John Cho: Yeah, they'll be speaking in Korean sentence and say, okay, we're leaving now in Korean and then say I love you in English. That's keeping the beat. So, path of least resistance. Geoff Nunberg: I find the words that I miss most when I'm speaking a foreign language are often these little particles that you can't translate. I mean in German you say [Speaking German] and it means I'm finished. The ya is doing something that English has no idea what to do. I once asked an Italian friend who spoke English very, very well, I said when you're speaking Italian, what's the expression you most miss? And he thought, he said, by all means. [Laughter] Maybe we can take one more question over here because we are getting late. And then afterwards we'll give everybody a round of applause and then afterwards people, I take it the panelists will be willing to take questions on the stage. So, one more question over here. 

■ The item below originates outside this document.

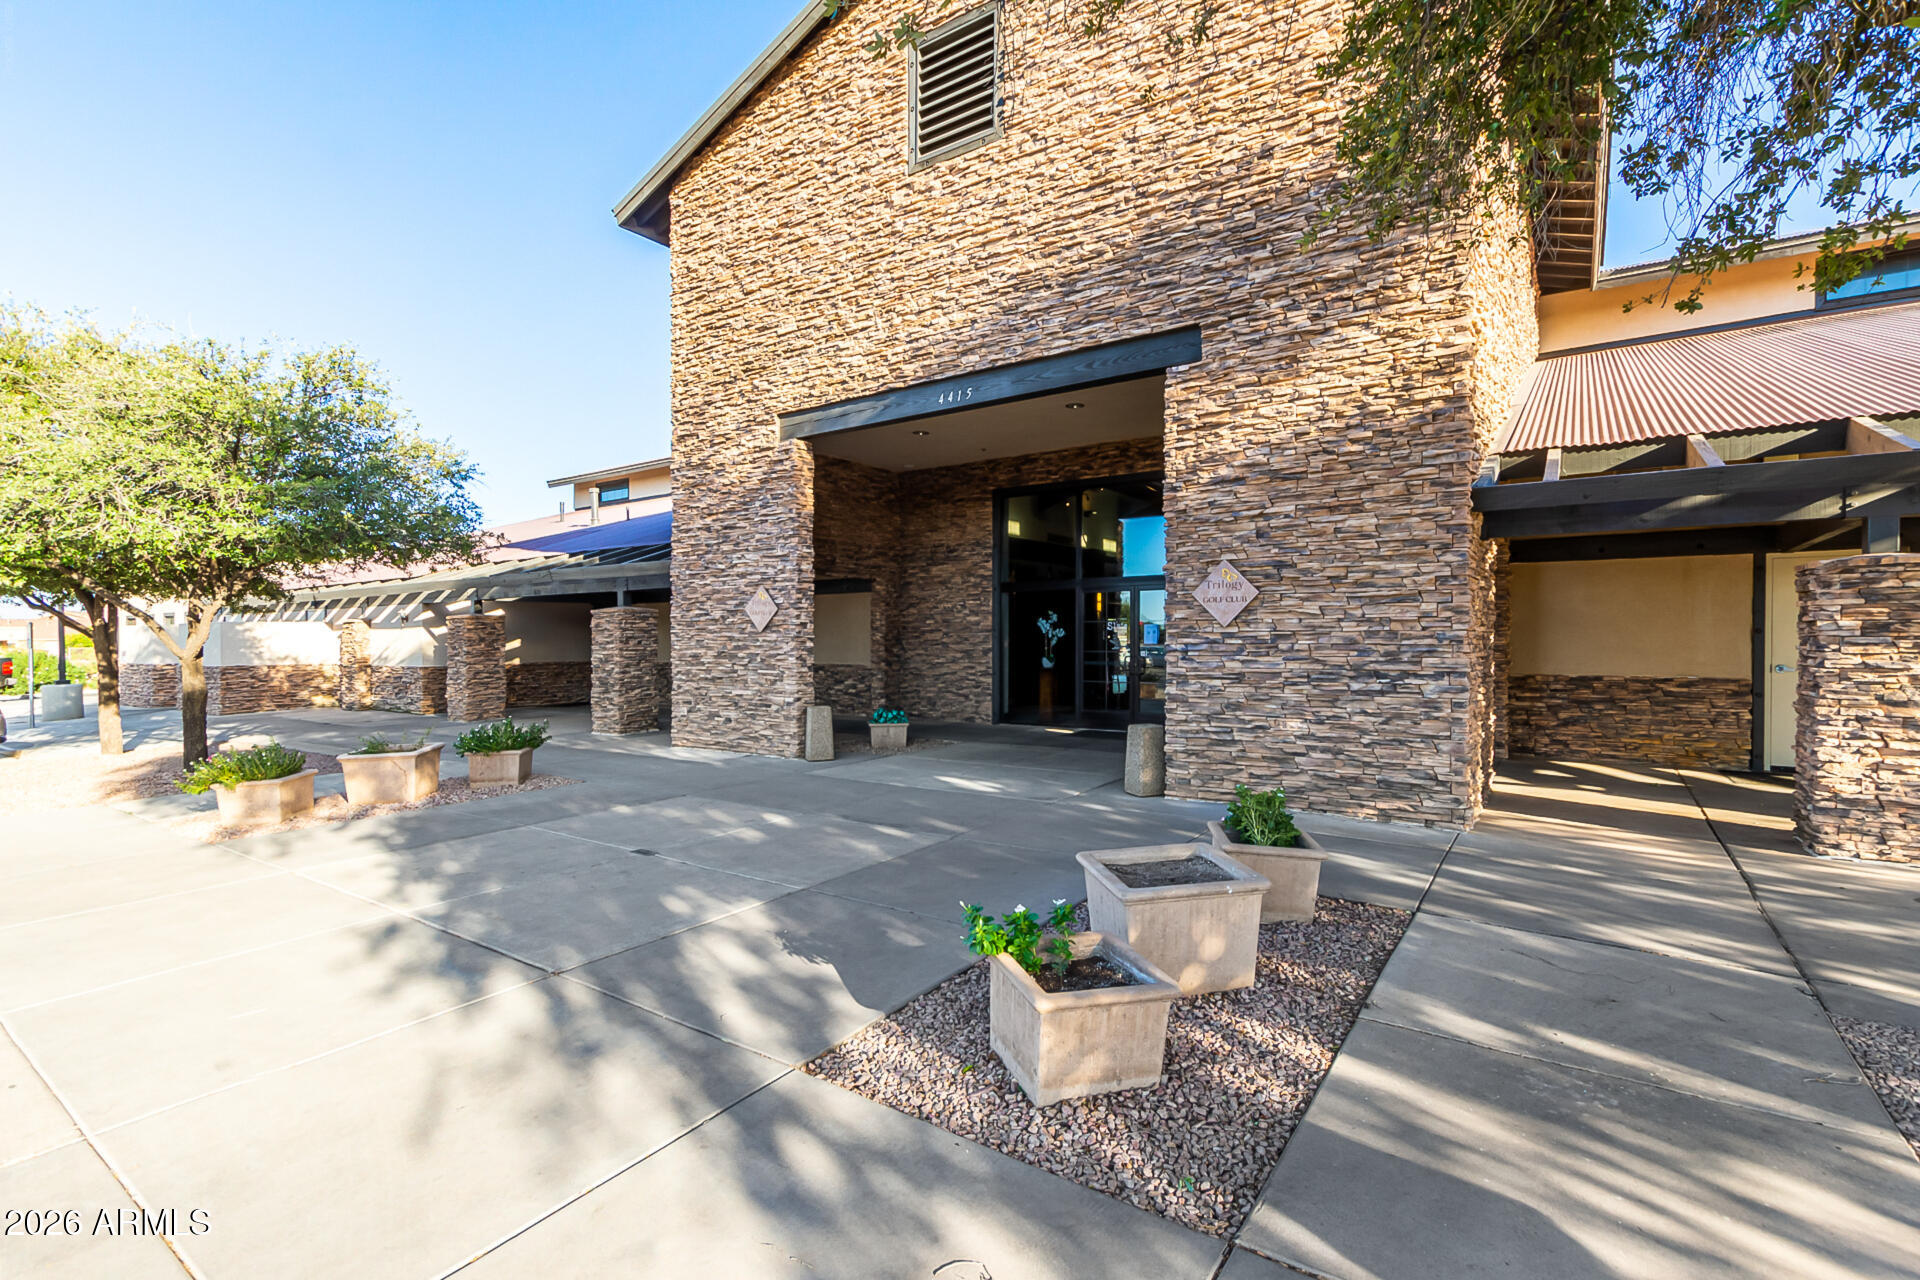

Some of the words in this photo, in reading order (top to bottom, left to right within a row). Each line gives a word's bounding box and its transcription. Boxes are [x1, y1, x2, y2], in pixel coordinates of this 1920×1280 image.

>>: Hi, I speak Spanish. I learned it in grade school. And then afterwards I completely forgot it. And so I wanted to relearn it. I traveled to South America for four months thinking I'd learn it immediately. And for the first two months it worked. I picked it up real quickly. But after that point I sort of hit this plateau where I couldn't get any further. I knew all the basic language. I could enter business negotiations and I could talk with friends and I could flirt a little bit. But I couldn't reach those sort of higher concepts. I couldn't have a really good conversation with anyone. And I don't know how to learn... have any of you ever experienced a plateau like that while learning a language?

- Well, the bad new is that you have to get past flirting and get a girlfriend, and then, after that...
- I’ve done that.
- That’s the best way.
- I can’t think of a better and more deffinitieve way to end a conversation. Can we all just thank the panellists who have just been terrific. And thank you very much. Mercy, grazzie, danke.